Why did it have to come to this, Serena? The version of Susanne Bier’s Depression-era psychodrama released in theaters this week—by the barest of all possible minimums—is a guaranteed studio ribbon-job, the evidence on display suggesting each and every extremity shaved down to a nub. The picture is as indebted to the attractions of the Hollywood period melodrama as they come, pairing Bradley Cooper as George Pemberton, a dopey lumber prospector, and Jennifer Lawrence as his eponymous, power-mad young wife. Bier’s heretofore touch with actors glistens through some of the blemished passages, but the casting (rumored to have torpedoed the postproduction process, as Cooper and Lawrence became megastars and 2929 Productions duly pressured Bier to make a different film) is hardly inspired: Lawrence and Cooper’s performances manage the odd feat of canceling each other out, with the leading man cycling through different accents as if still demo-ing for the job, while Lawrence is relegated to a bland, pretty, tear-streaked widescreen visage.

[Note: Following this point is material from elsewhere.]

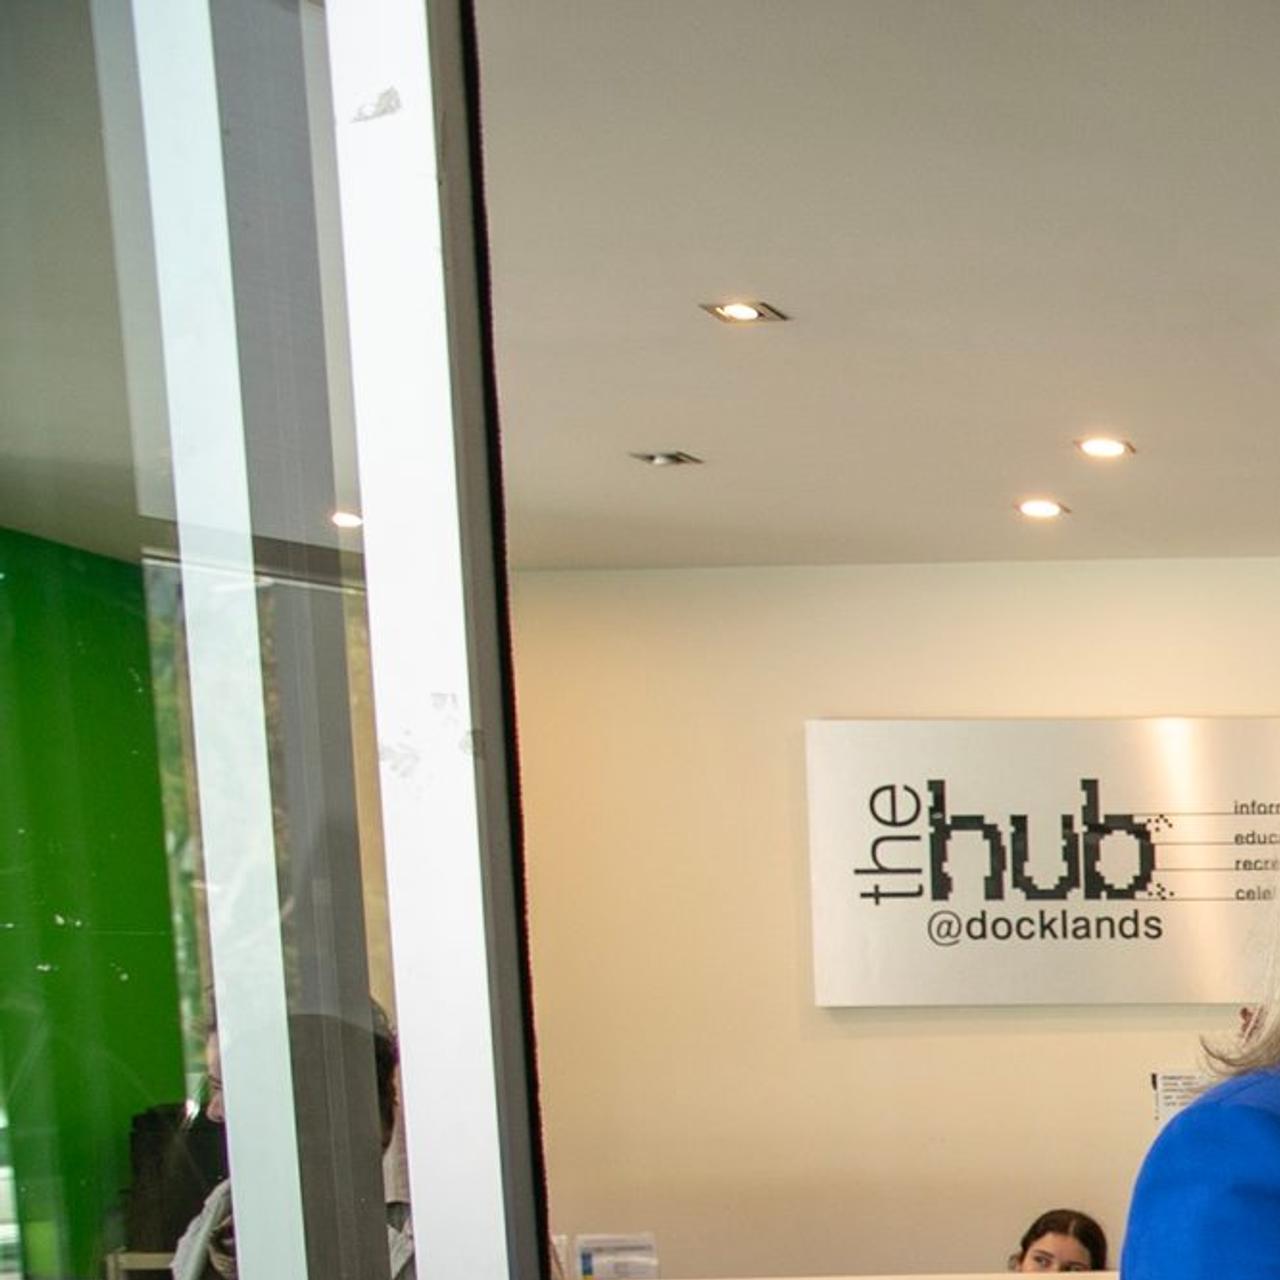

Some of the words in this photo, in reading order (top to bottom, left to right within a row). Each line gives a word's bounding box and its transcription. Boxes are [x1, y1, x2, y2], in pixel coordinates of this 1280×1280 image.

The screenplay betrays a certain occasional appreciation for the esoterica of North Carolina history, but every shred of nuance finds itself at eternal odds with the outsize nature of the material. Bier has alleged that Serena was supposed to be a film about a woman suffering from a mental illness, but what she represents here is a childhood trauma and/or curse that’s (naturally) the key to her siren-like irresistibility, while George is manifest destiny writ sociopathic. Much of Serena consists of watching two attractive people make cataclysmically stupid decisions, torn asunder by psychosexual pressures left out of the patchwork man-meets-girl narrative. The film’s endeavors to get viewers to take George and Serena seriously—wherein their expository courtship is essentially a transitional montage, threaded with nocturnal sex scenes—can’t help but backfire from start to finish. The most entrancing thing Serena has going for it are its bookending vistas of mist-soaked mountains, ensconcing all the film’s whooping-and-hollering within an unknowable folk legend, the same way future cinephiles will look back and wonder: “Man, just what the hell went wrong with Serena?”